O rio
A luz do Sol varre seu rosto e traz à tona duas pequenas
lagoas de sardas. Beleza que inunda a vista. Seu cabelo marrom é grosso e seco.
Comprida, a franja causa metade duma cegueira. Você faz meio bico com o lábio
inferior e resolve o incômodo colocando os fios para circular no ar, presos num
carrossel invisível.
- Que foi, pai?
Respondo com um sorriso. Caminhamos em silêncio. Sua companhia
quase muda me faz gostar ainda mais de você. Apoio a mão no ombro, sinto nos
dedos o calor da sua pele. A gente evapora devagar. Eu vou virar fumaça antes
de você. Muito antes, assim espero.
A trilha é feita de pedregulhos e capim nascendo onde não
deveria. Tudo é novo pra você. E sempre foi assim. Você engole o mundo com a
boca da curiosidade. Traduzo o pouco que sei num cardápio que é infinito.
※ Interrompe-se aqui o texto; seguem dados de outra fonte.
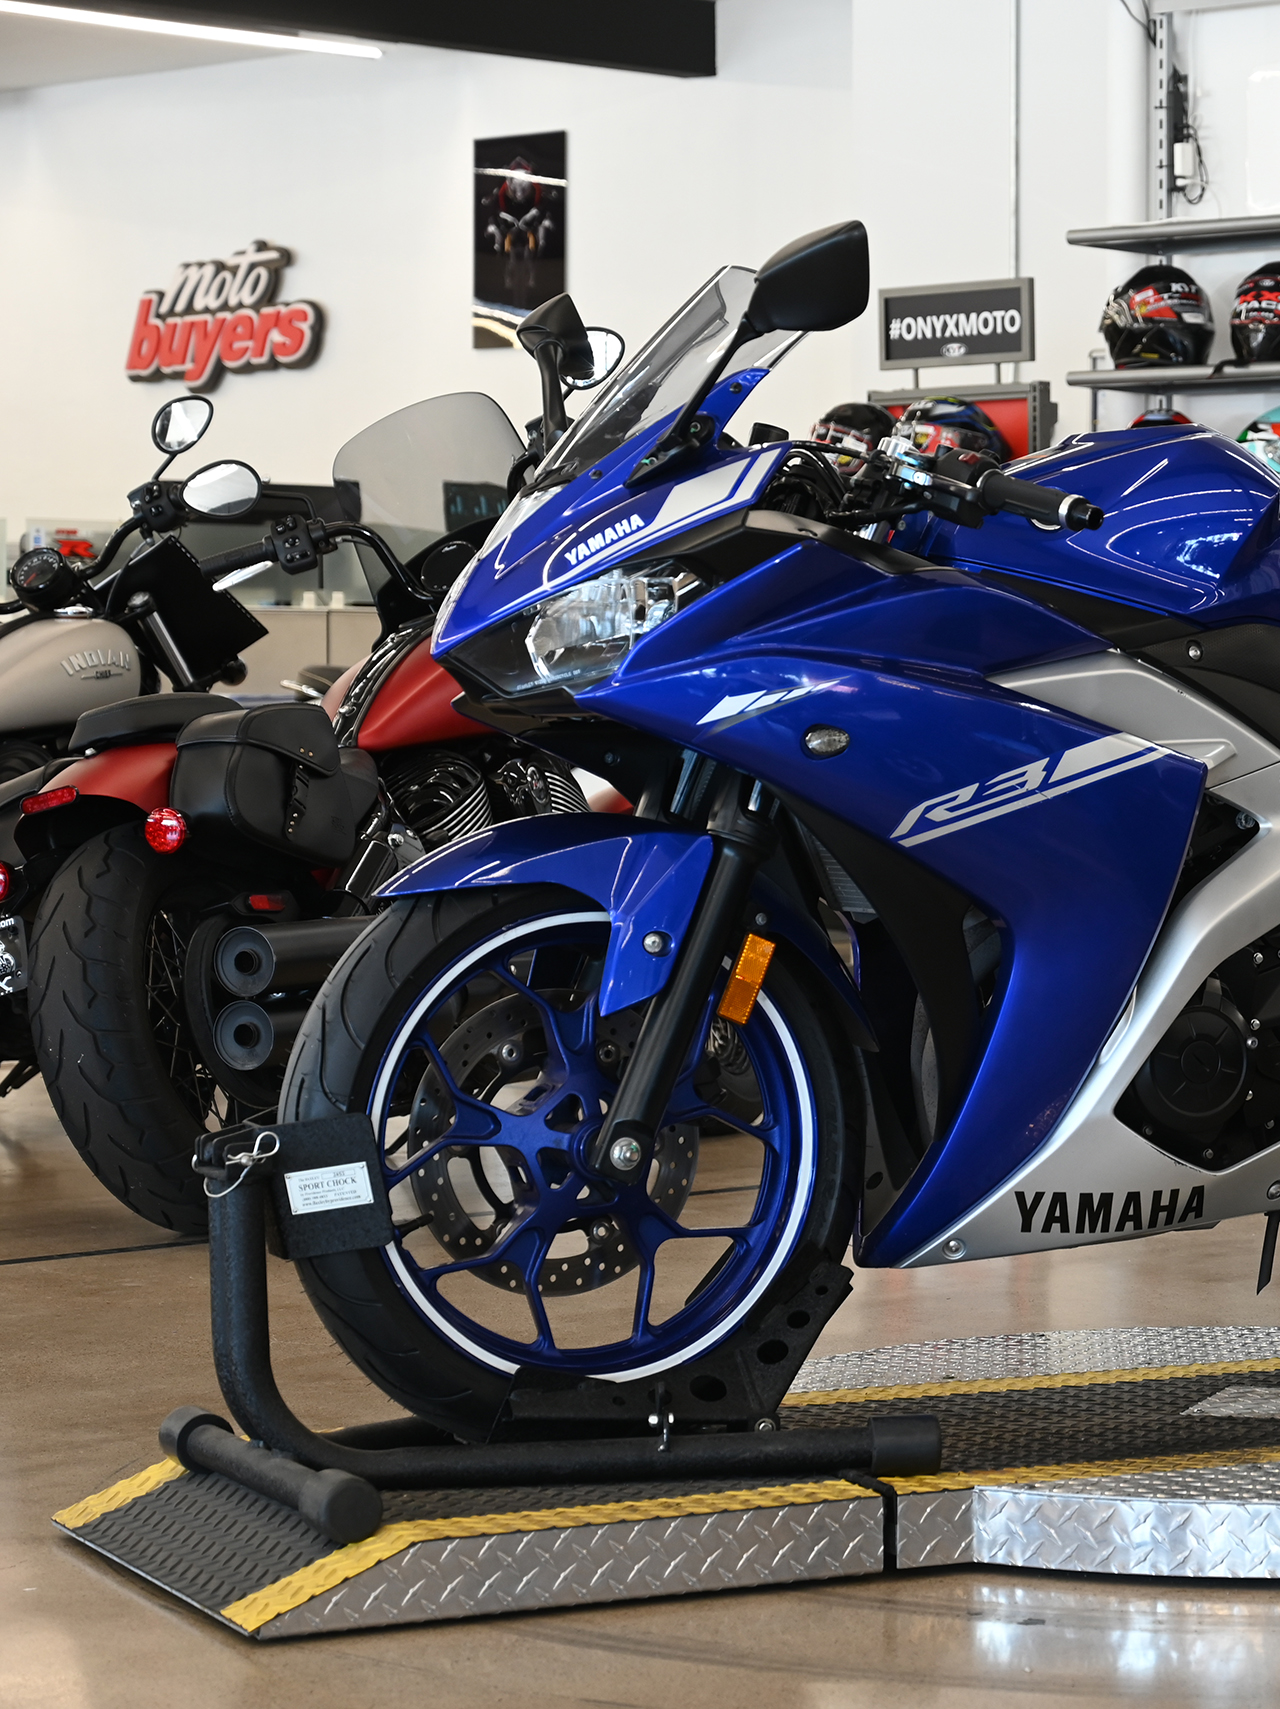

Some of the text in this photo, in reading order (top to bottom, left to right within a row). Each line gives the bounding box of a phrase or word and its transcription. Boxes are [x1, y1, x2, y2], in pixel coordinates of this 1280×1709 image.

[125, 295, 313, 385] buyers
[889, 309, 1022, 341] #ONYXMOTO
[564, 513, 645, 566] YAMAHA
[60, 649, 131, 676] INDIAN
[298, 1176, 357, 1191] SPORT CHOCK
[1014, 1185, 1205, 1234] YAMAHA
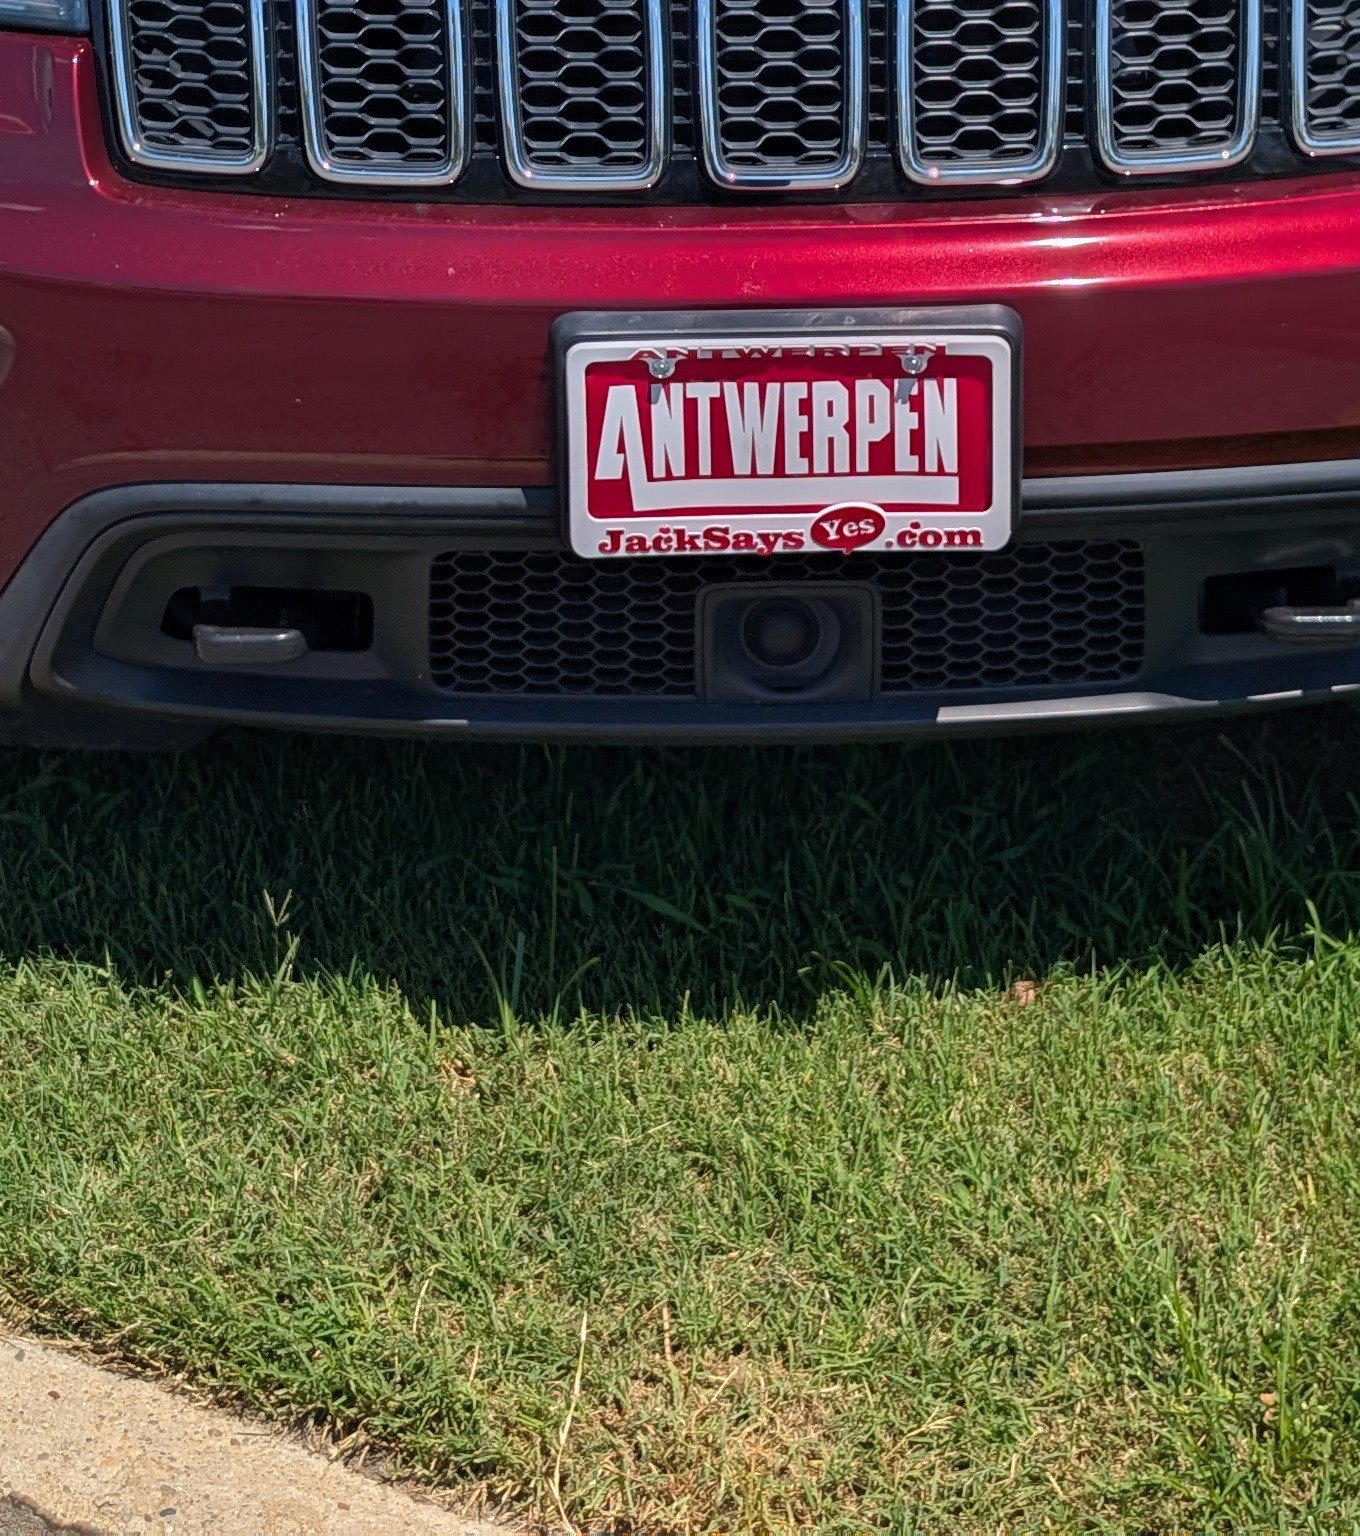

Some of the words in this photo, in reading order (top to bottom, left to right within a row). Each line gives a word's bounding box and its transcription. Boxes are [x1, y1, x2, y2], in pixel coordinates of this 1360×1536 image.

Um céu completamente azul e você tira os óculos escuros
da gola frouxa da camiseta listrada. Nessas duas telas pretas espelhadas, vejo
meu reflexo projetado. Que você nunca seja igual a mim. Nunca.
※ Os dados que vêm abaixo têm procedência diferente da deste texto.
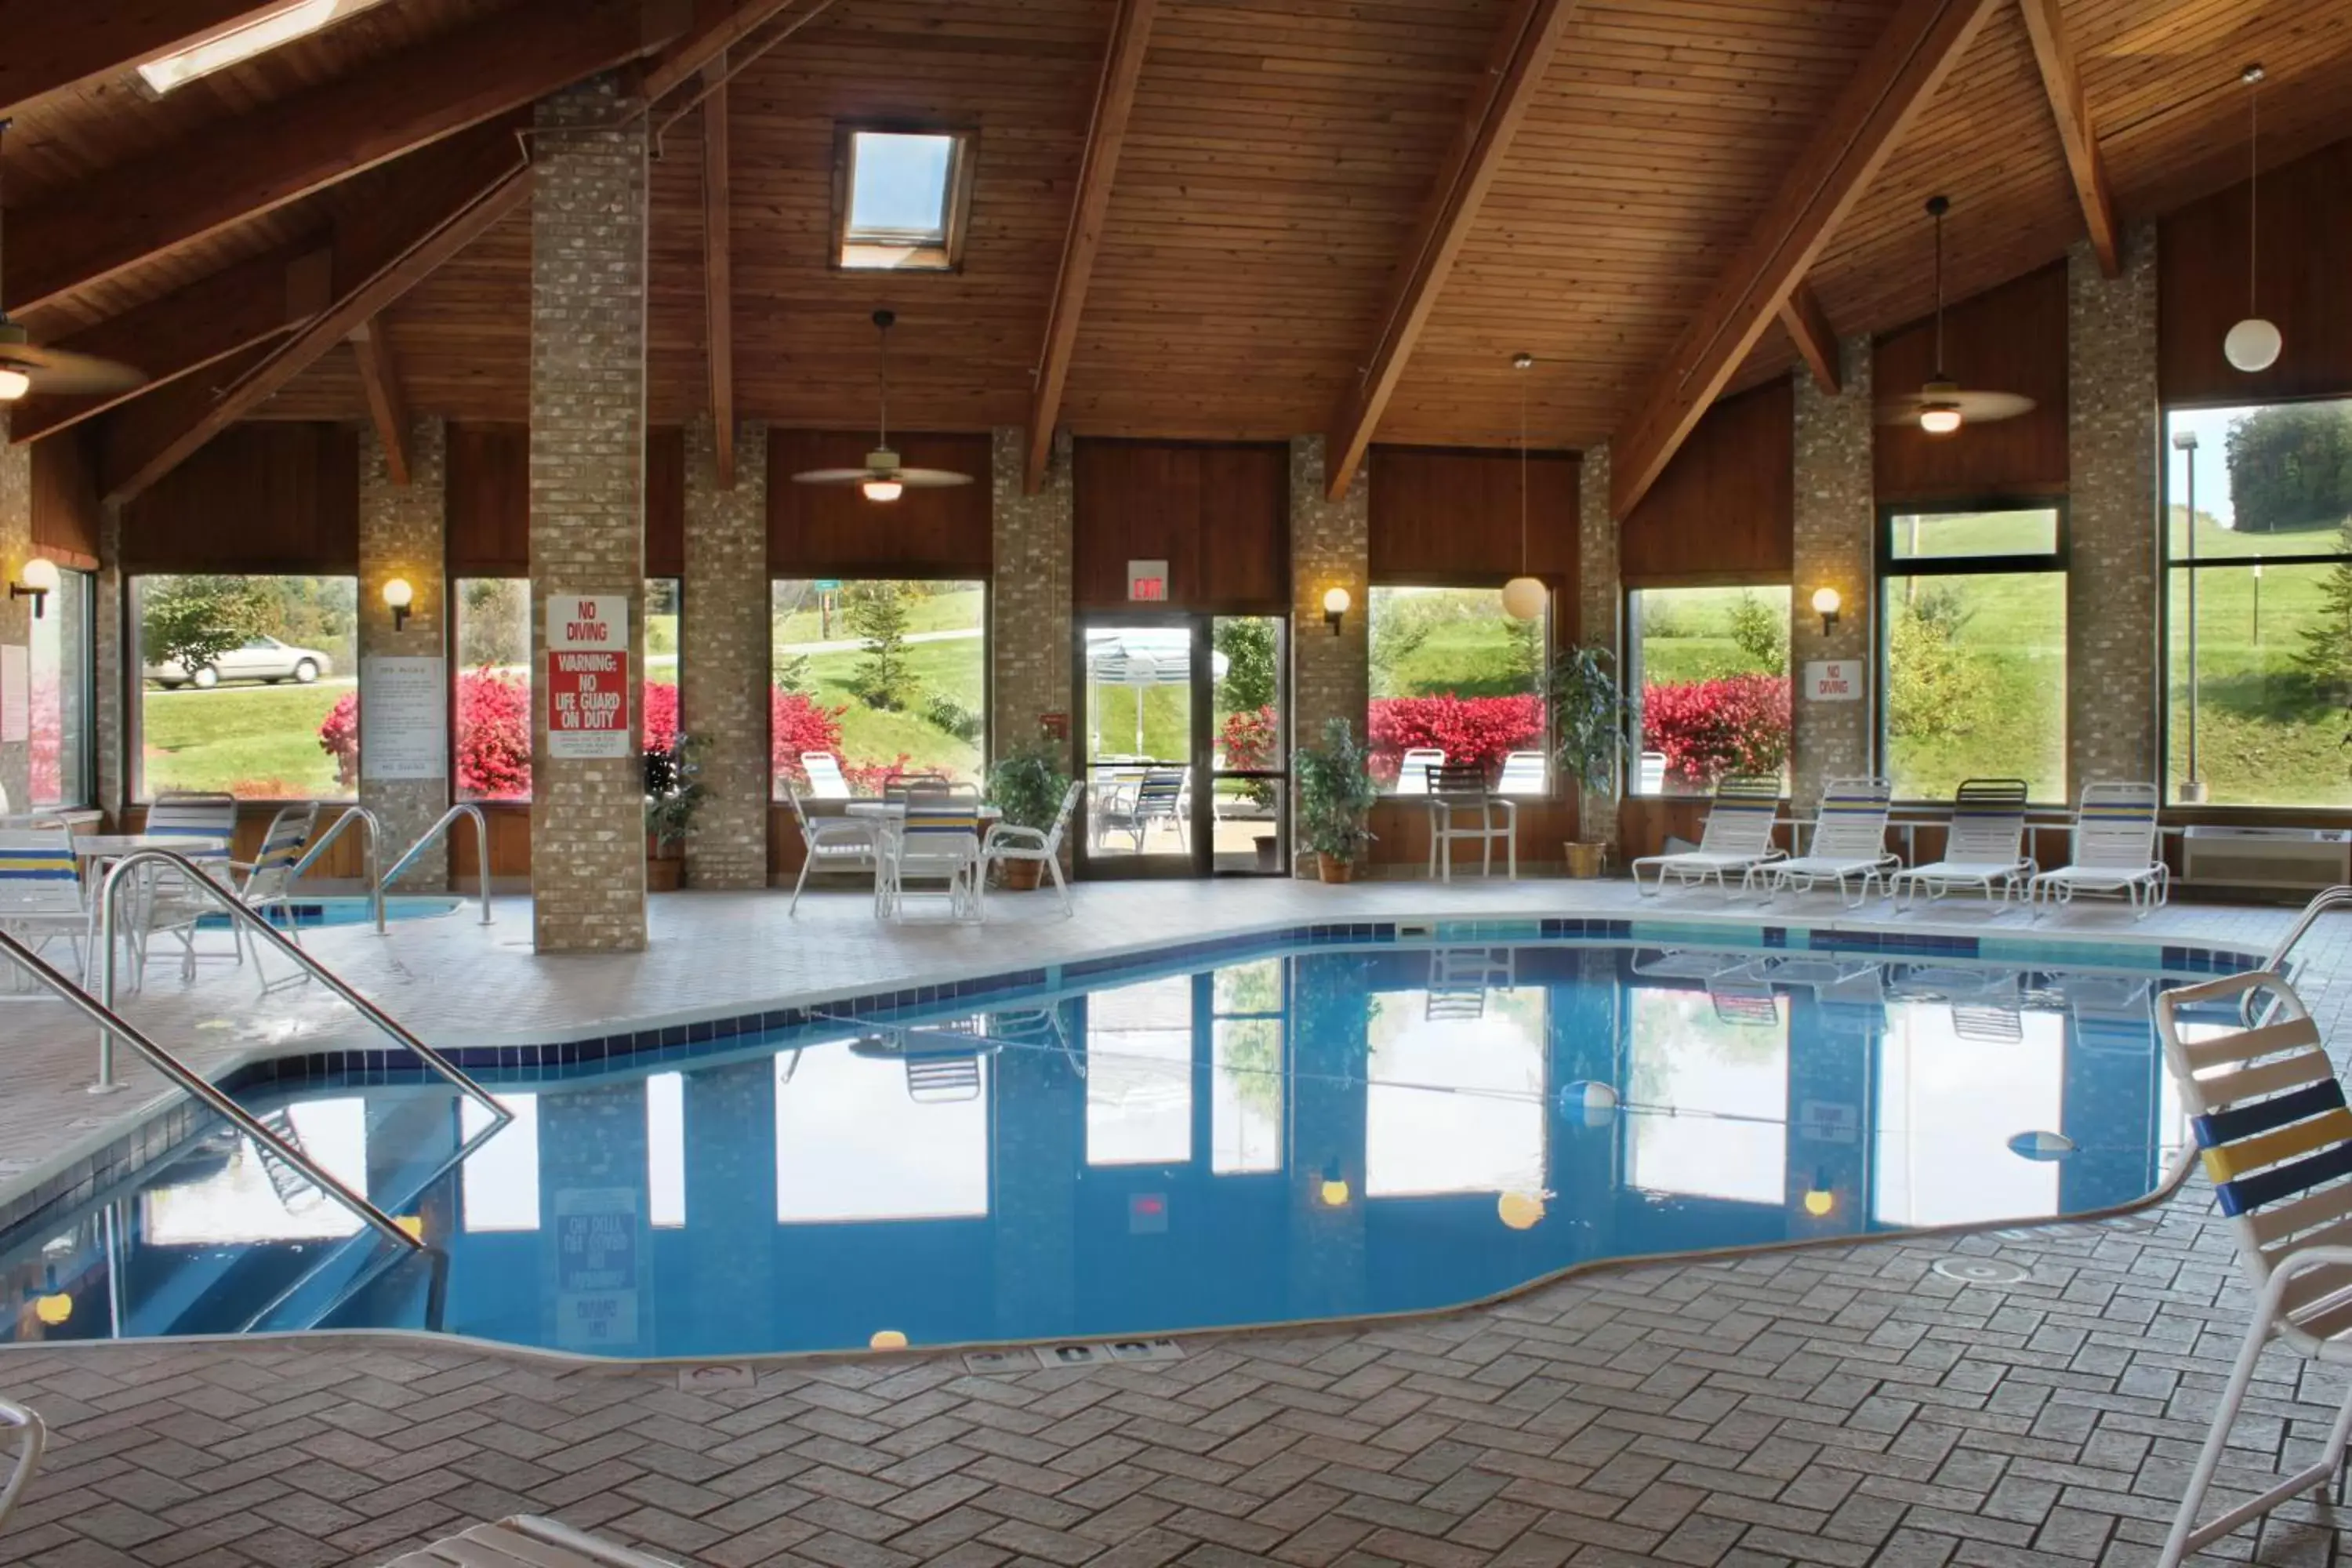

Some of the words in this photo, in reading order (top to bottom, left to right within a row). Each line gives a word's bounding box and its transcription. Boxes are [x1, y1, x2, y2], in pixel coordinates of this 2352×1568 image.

[1134, 578, 1162, 599] EXIT
[579, 601, 596, 619] NO
[567, 622, 607, 641] DIVING
[557, 654, 617, 672] WARNING:
[1827, 665, 1840, 678] NO
[579, 674, 597, 691] NO
[1820, 680, 1848, 694] DIVING
[555, 692, 575, 711] LIFE
[580, 692, 620, 710] GUARD
[562, 711, 579, 728] ON
[584, 710, 615, 728] DUTY
A correnteza é música. Você sai correndo com 100
pernas e um desbotado par de tênis. Um tropeço, mas seu joelho nem toca o chão.
Você olha pra trás, pra mim, sorrindo. Olho pra baixo tentando acortinar meu
quase-choro.
Alcanço o rio e vejo, de longe, você mergulhando sem
tirar a roupa. Sua gargalhada pula de galho em galho, voa alto e se atira,
solidária, na água.
A correnteza preguiçosa te arrasta sem turbulência. Você
ama a solidão que proporciono, mesmo estando ao seu lado. Admiro o estrondo dos
seus pensamentos, o relampejar do fim da infância. Eu sou o rio, eu passo. Mas
você fica. E se avoluma.
Sua testa lisa e molhada é ilha virgem. Seu nariz perfeito
e intrometido é cordilheira móvel. Sua boca enruga e lembra minha pele. Penso
no meu próprio fim e morro no hoje. Agora, já, a gente não precisa desse
futuro.
Você carrega nos bolsos da bermuda toda a água do mundo e
13 seixos, um para cada ano vivido. Sugiro desenhar algo com eles nessa terra
úmida e escura. Você monta uma cruz invertida e sai correndo, rindo
loucamente. Não consigo disfarçar o espanto. Rearranjo as pedras pra formar um
coração e saio te perseguindo.
Te alcanço, você pergunta: - Você fez um coração com as
minhas pedras, né? Você é ridículo.
Sua risada enche meu peito. Que você dure pra sempre. Eu
sou só o rio.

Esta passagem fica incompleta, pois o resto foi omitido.